British artist Hannah Black is as impressive as ever, delivering a pair of remarkable works. In ‘Aeter (Jack)’ (2018), her affable and intelligent young subject, bathed in lurid pink and yellow lights, describes the obsessive eating of his fingernails and skin in pleasingly ritualistic terms: “I chew and I bite the whole edge of my finger off sometimes… it doesn’t hurt, it feels great.” In ‘All my love all my love’ (2015), Black takes Harry Harlow’s psychological experiment in parent-child attachment theory, which paired infant rhesus monkeys with inanimate surrogate mothers, as the starting point for a profound meditation on pain, love, and simulated intimacy. A scene involving a humanised robot dancing and singing, supported by live dancers, is particularly memorable.

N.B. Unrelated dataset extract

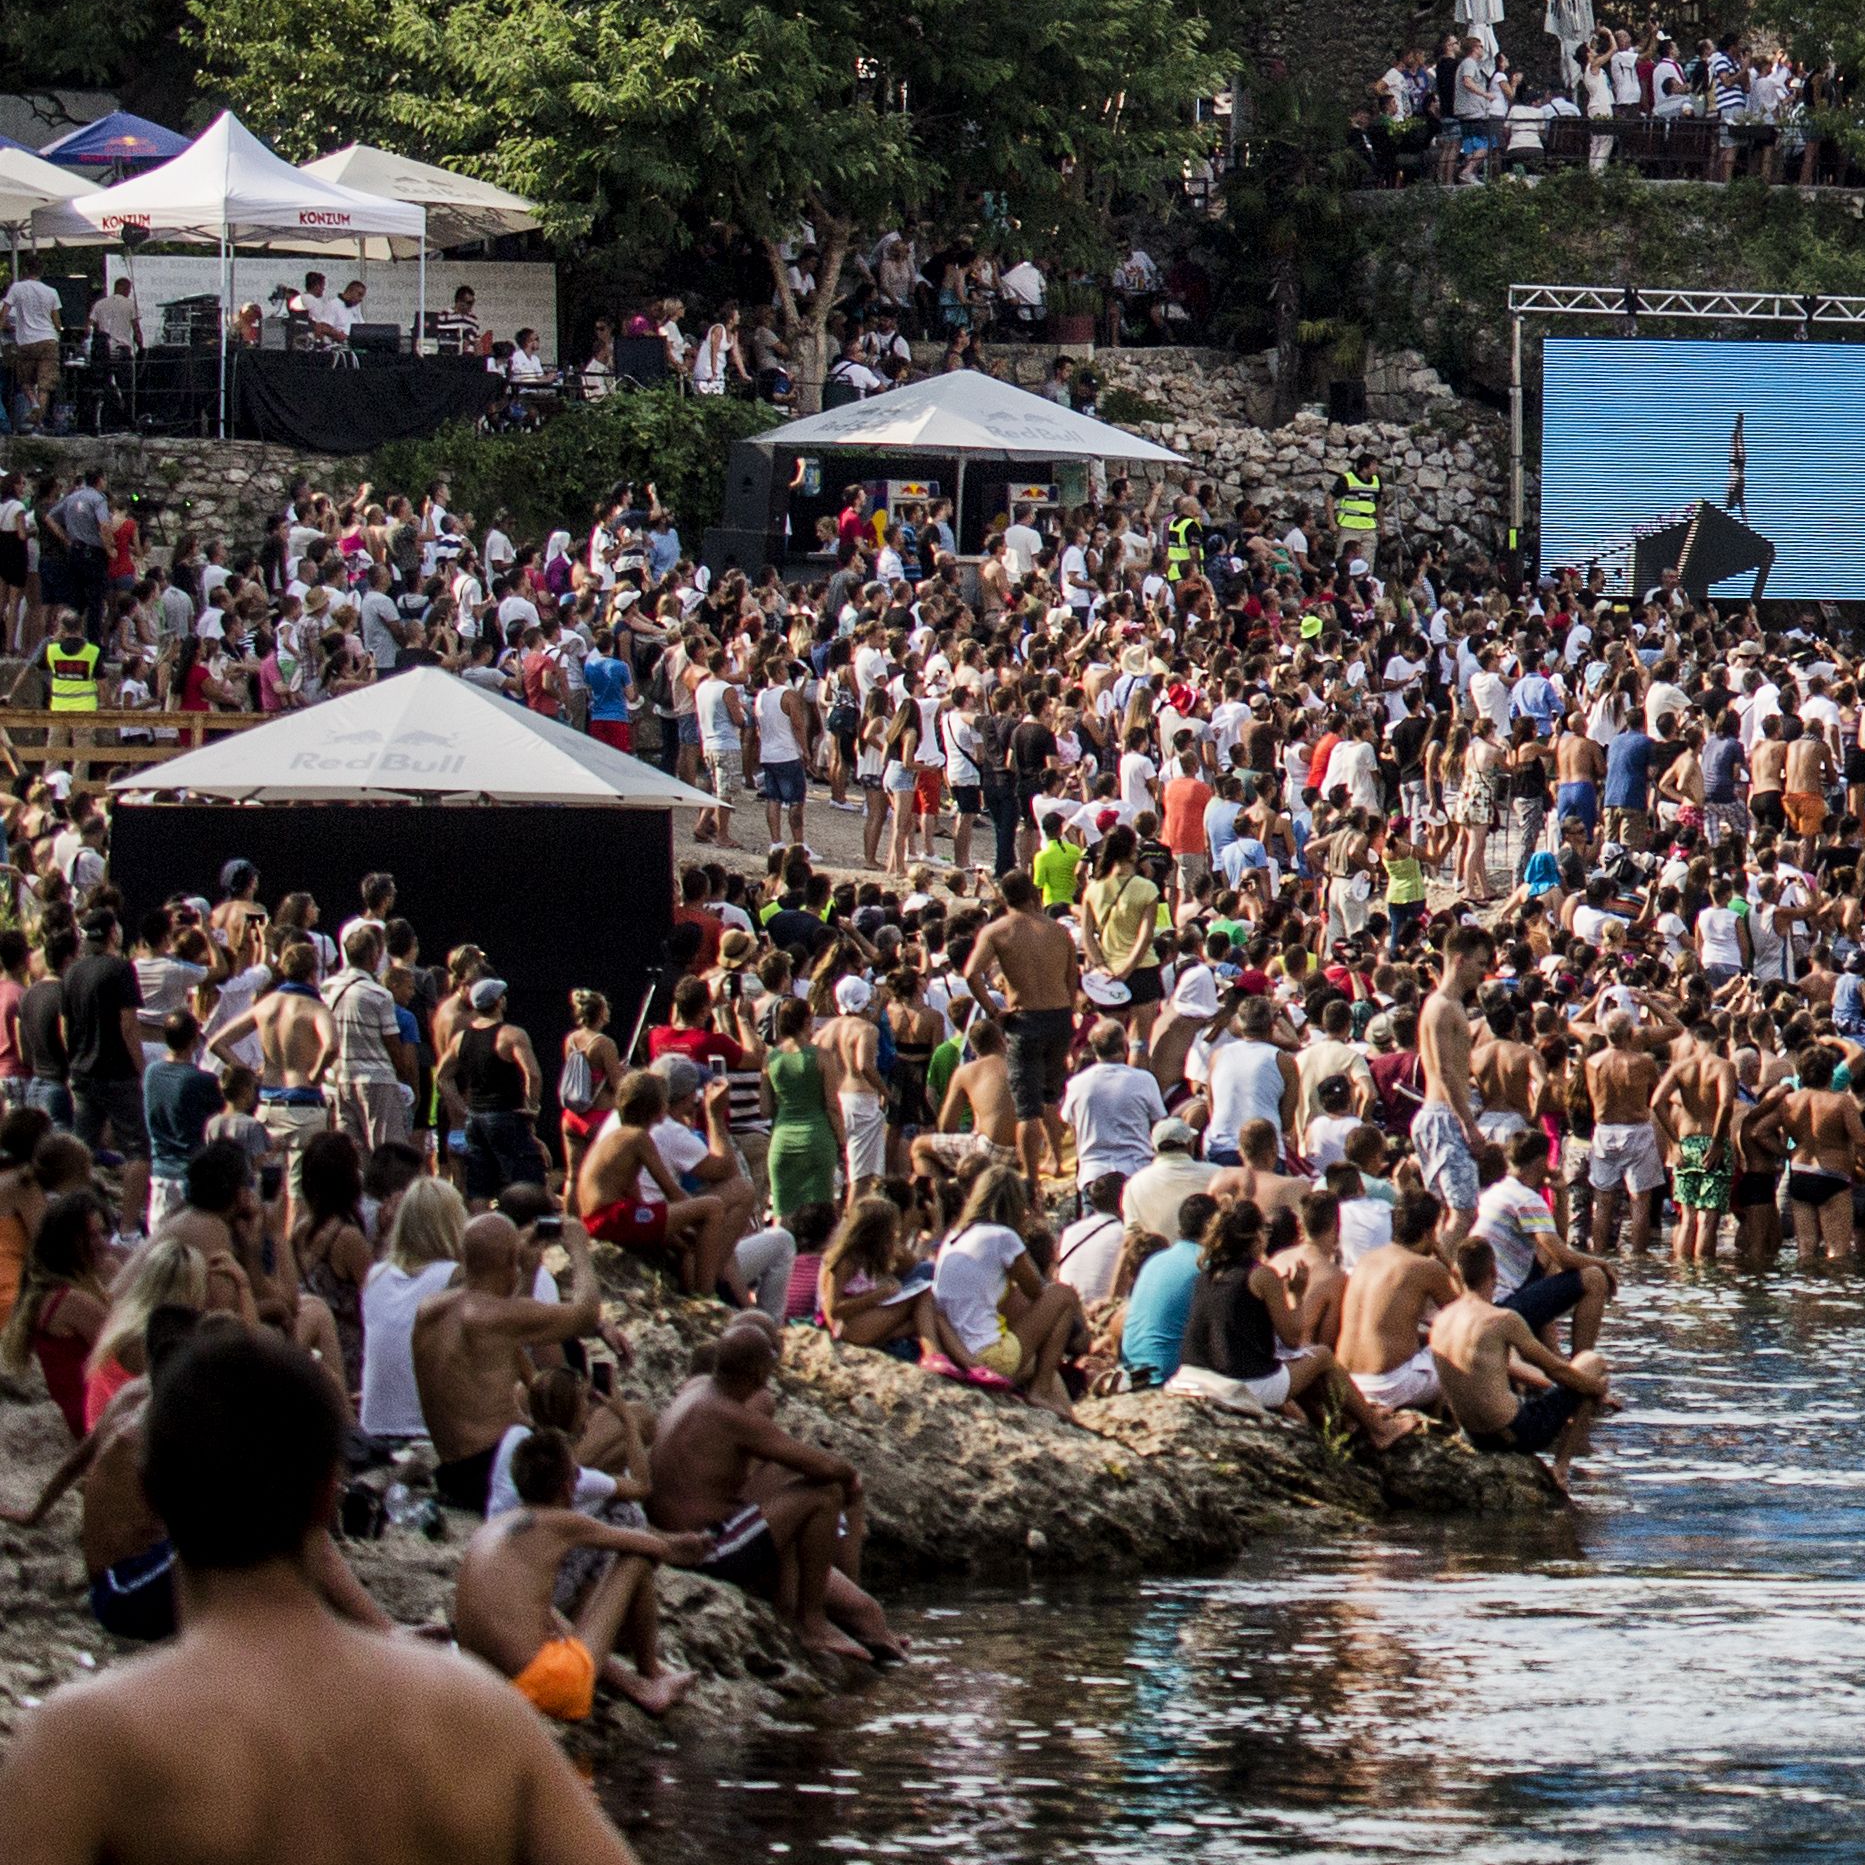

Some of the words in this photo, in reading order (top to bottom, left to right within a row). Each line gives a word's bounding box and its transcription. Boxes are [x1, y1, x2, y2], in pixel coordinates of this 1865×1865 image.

[102, 214, 151, 230] KONZUM
[299, 210, 351, 226] KONZUM
[289, 751, 378, 771] Red
[379, 752, 466, 774] Bull

Besides its selection of predominantly female and BIPOC artists, one of the strengths of the show is the range of durations on offer. If you have only moments to spare, I recommend Virginia Lee Montgomery’s tactile and symbolically charged ‘Honey Moon’ (2019). For those of you with longer train journeys, Jen Liu’s ‘The Pink Detachment’ (2015) and Tabita Rezaire’s ‘ASS 4 Sale’ (2015) are particularly rich and imaginative artworks. Each deserves to occupy an entire feature, even if this is not the place to do it.
That said, you can rest assured there are no bad choices – pick a video at random and enjoy.